IL CAPPELLO ALPINO DA UFFICIALE DALLA NASCITA ALLA PRIMA GUERRA MONDIALE.
Il cappello alpino, simbolo e vanto di questi gloriosi soldati
delle montagne, ha visto la luce nel lontano 1910 e precisamente il 20 maggio.
E un copricapo che racchiude in se tradizione e ricordi indelebili e forse anche
per questo è ancora in uso tuttora con piccole modifiche. Proprio per questo
motivo è uno dei copricapo più difficili da catalogare e datare esattamente.
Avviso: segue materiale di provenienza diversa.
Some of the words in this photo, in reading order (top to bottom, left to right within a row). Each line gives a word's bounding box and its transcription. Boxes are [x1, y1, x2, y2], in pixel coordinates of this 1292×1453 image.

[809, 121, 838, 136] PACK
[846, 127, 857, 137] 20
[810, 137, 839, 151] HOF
Riuscire a stabilire se il cappello che ho fra le mani sia della prima Guerra Mondiale
o degli anni 20 non è facile. Negli oltre ottantanni di vita i suoi cambiamenti
sono stati minimi, e solo un occhio attento ai particolari come il fregio o il tipo di
ricamo possono trarre dagli impicci e dai "Bidoni".
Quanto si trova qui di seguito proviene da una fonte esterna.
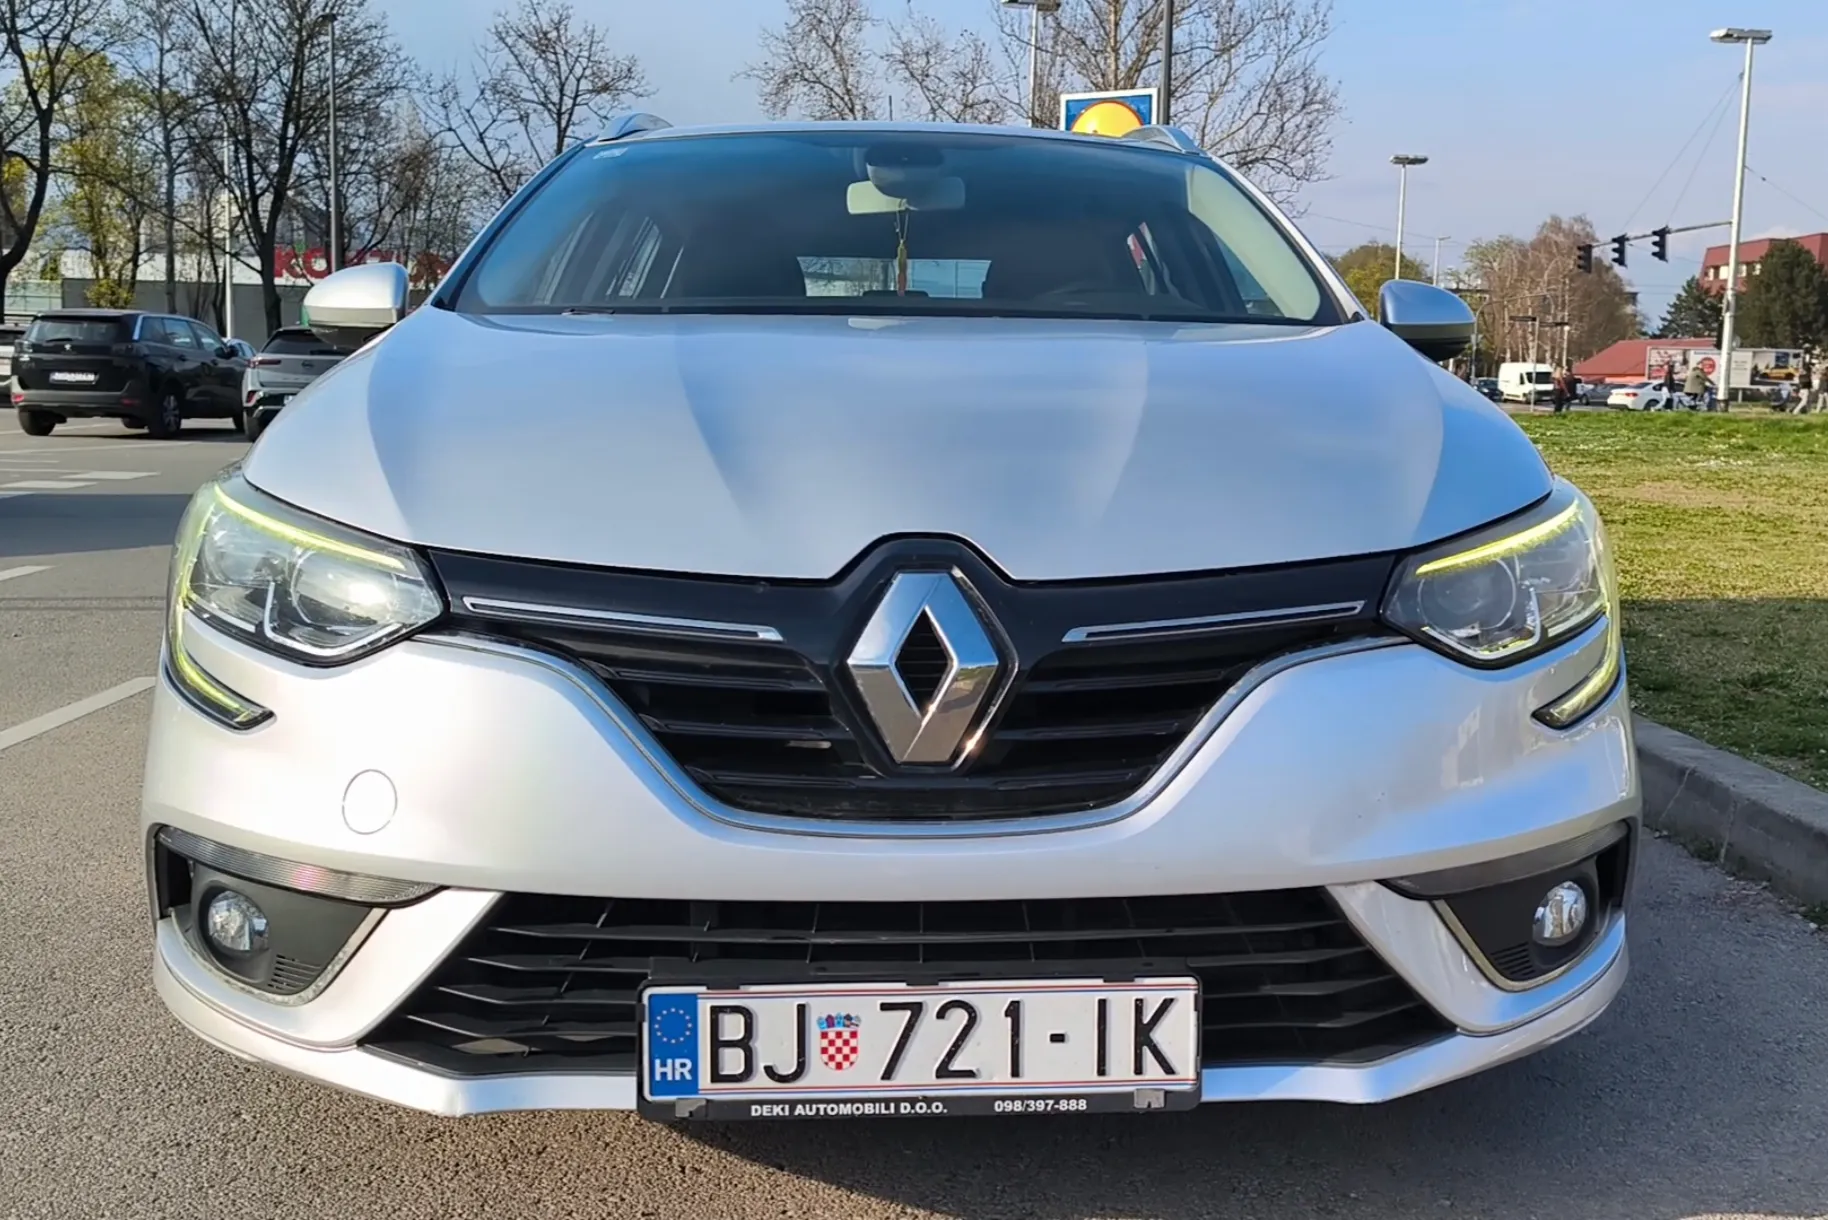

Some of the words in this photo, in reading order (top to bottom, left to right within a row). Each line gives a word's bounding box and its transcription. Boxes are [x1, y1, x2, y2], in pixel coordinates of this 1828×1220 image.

Il cappello alpino viene inizialmente distribuito soltanto a
sottufficiali e militari di truppa mentre per gli ufficiali si devono attendere
disposizioni da parte del Ministero. Il cappello alpino degli ufficiali era di forma
pressochè identica a quello della truppa. Era in feltro di pelo di coniglio di
colore grigio verde, con falda posteriore ripiegata allinsù e falda anteriore
trapuntata con cuciture a macchina concentriche con filo grigio verde. La calotta era
ovale con due fori rivettati ai lati e con una fascia di seta anchessa grigio verde
dellaltezza di 3 - 4 centimetri attorno alla base. Tutto intorno alla soprafascia
correva un cordoncino di lana grigio verde a forma di treccia. Sulla sinistra, la
striscia di seta presentava delle pence che servivano per infilarvi la nappina di
metallo argentato con croce sabauda al centro e tulipa alla sommità, ove veniva
infilata la penna.

La penna, simbolo degli alpini, era di lunghezza variabile
tra i 18 ed i 20 cm e fino al 1913 fu tinta di grigio. Successivamente conservò
il suo colore naturale. Doveva provenire dall'ala destra di corvi, pavoni o tacchini.
Per gli ufficiali superiori la penna era di colore bianco. Sulla sinistra, in
corrispondenza della nappina, erano cuciti i distintivi di grado a forma di V
rovesciata in filo argentato. Durante la prima Guerra Mondiale (1917) il filo argentato
fu sostituito dalla seta per motivi di mimetismo.